Изменить стиль страницы

Sa main se leva, s’abattit toute grande sur la face de Guise, le soufflet retentit dans le silence comme un coup de tonnerre, Guise chancela et roula à trois pas dans les bras de ses soudards…

Cela avait été net, rapide, incisif, cela avait été un coup de foudre…

Quels hurlements firent alors explosion! Des centaines de poignards, des centaines d’épées se levèrent, se choquèrent, des centaines de voix heurtèrent dans le tumulte leurs cris de mort.

Tout tourbillonna dans la cour. Ce fut un remous de bêtes féroces plus effroyable à voir que les remous des grandes tempêtes sur la face ravagée de l’Océan.

Pardaillan s’était mis en garde, résolu à mourir.

Mais il n’eut pas le temps de porter le premier coup, les bras levés n’eurent pas le temps de s’abattre sur lui… Le chevalier, à l’instant précis où retentissait le soufflet, se sentit saisi par une force d’ouragan, enlevé, porté, poussé vers un trou noir qui béait, il entra dans du noir, il entendit un choc violent et sonore.

Ce trou, c’était une porte ouverte.

Cette force qui avait saisi le chevalier, comme la rafale peut saisir une feuille, c’était le vieux routier qui empoignait son fils et l’emportait.

Ce choc sonore, c’était une porte que le vieux lion venait de pousser du pied, à l’instant où des centaines de furieux, se gênant d’ailleurs et se bousculant l’un l’autre allaient les happer tous les deux!

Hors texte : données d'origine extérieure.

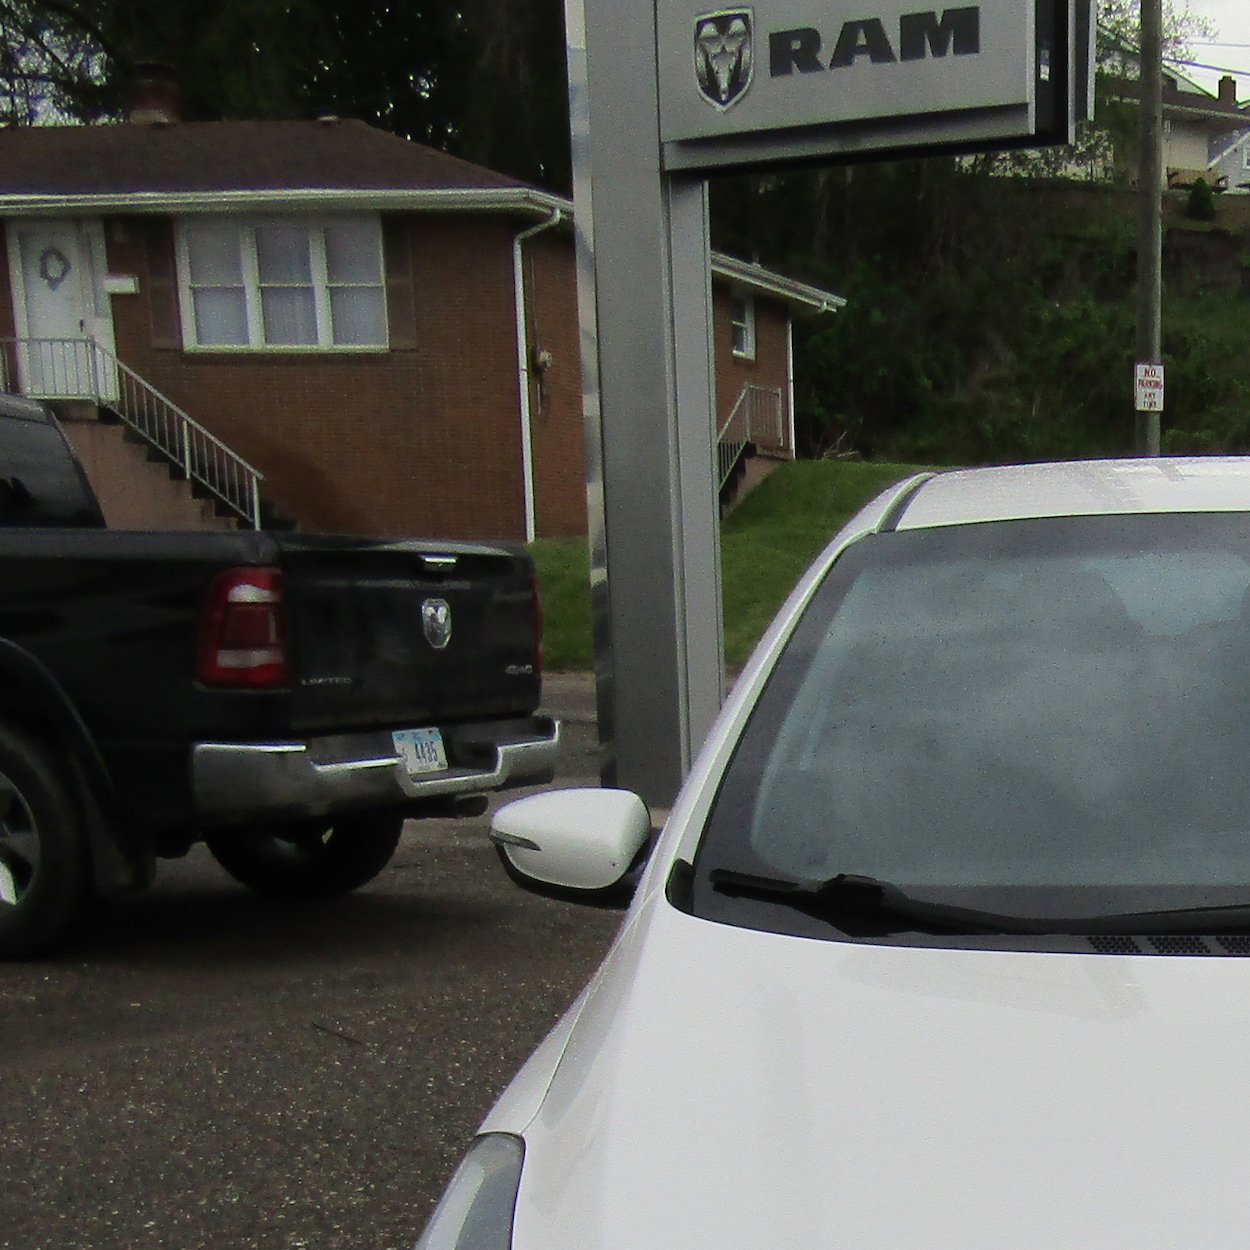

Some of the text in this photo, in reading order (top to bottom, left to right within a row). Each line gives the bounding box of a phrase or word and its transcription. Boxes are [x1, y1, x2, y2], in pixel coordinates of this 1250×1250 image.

[769, 6, 980, 78] RAM
[1144, 368, 1156, 377] NO
[1138, 379, 1163, 389] PARKING

Des coups énormes ébranlèrent cette porte.

Il était certain qu’elle ne tiendrait pas deux minutes.

– Tu n’en feras jamais d’autres! dit simplement le vieux routier en escaladant les marches qui se trouvaient devant lui, et en entraînant son fils.

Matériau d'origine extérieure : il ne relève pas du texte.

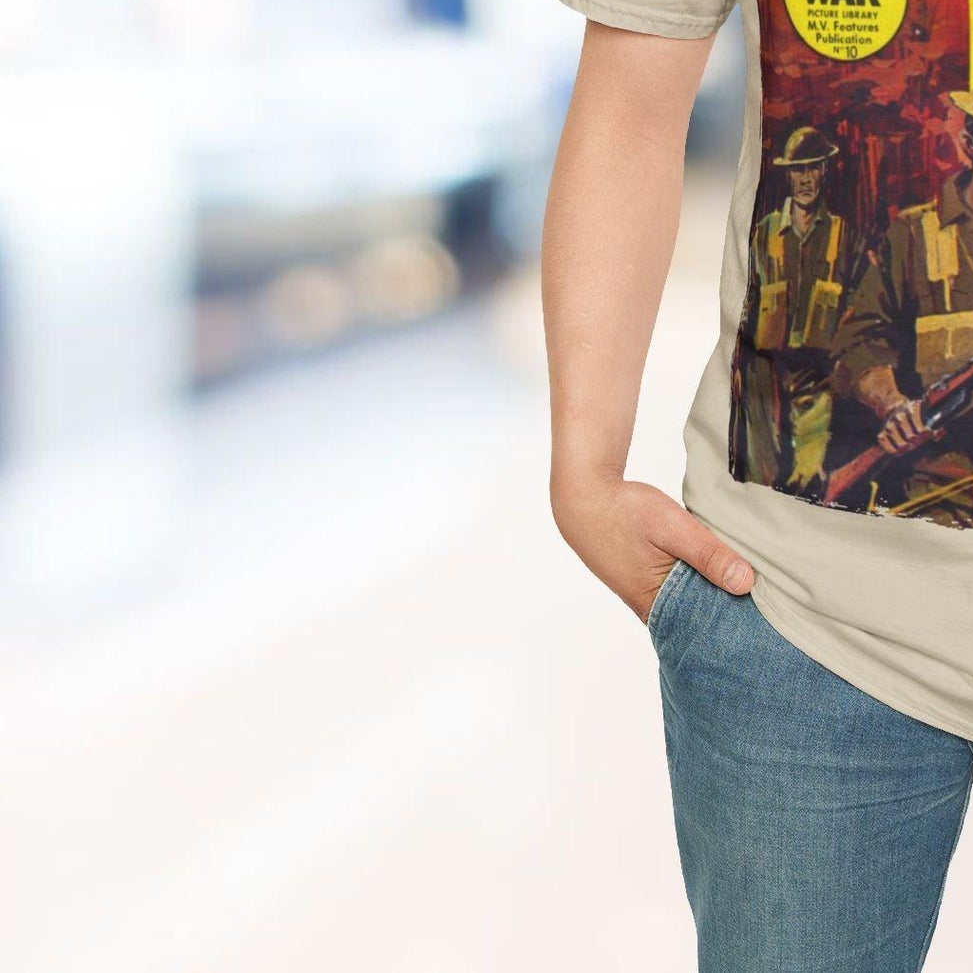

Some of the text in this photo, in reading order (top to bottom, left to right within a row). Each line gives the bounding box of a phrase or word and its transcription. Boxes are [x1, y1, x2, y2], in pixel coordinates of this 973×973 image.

[807, 9, 878, 20] PICTURE LIBRARY
[807, 20, 879, 32] M.V. Features
[815, 33, 872, 44] Publication
[845, 46, 858, 59] 10

Où montaient-ils? Ils ne savaient pas…

– Ce n’est pas fini! répondit le chevalier, les dents serrées.

Dans la cour, Henri de Guise était remonté à cheval et criait:

– Cinquante hommes pour fouiller l’hôtel! que j’aie la tête de ces deux parpaillots dans une heure! Les autres, suivez-moi!… À Montfaucon!…

XXXVIII LA MARCHE AU GIBET

– Pardon, monseigneur, dit une voix près du duc sanglant.

Guise se pencha, féroce, le poignard levé.

– Ah! c’est toi! fit-il en reconnaissant Bême. Que veux-tu?

– Vous voulez pendre l’Antéchrist?

– Oui! Que veux-tu? Dépêche!

– Je veux la tête, pardieu! Elle m’appartient, vous le savez! Elle vaut mille écus d’or!

Guise éclata d’un rire terrible.

– C’est juste! Prends-la!… Nous pendrons l’Antéchrist par les pieds voilà tout!…

Bême se baissa. En quelques coups de poignard, il acheva de séparer la tête du tronc. Le corps fut saisi par les pieds. Deux hommes le traînaient, marchant en ayant, chacun d’eux tenant une jambe, le torse sanglant traînant dans la boue.

Et tous suivirent, Guise en tête!…

Une infernale procession s’organisa.

La marche au gibet, la marche macabre du corps traîné dans la boue gluante de sang, commença à travers les rues de Paris, parmi d’autres cadavres, dans le tumulte des acclamations féroces, dans le tonnerre des détonations d’arquebuses, sous le hurlement des cloches inlassables…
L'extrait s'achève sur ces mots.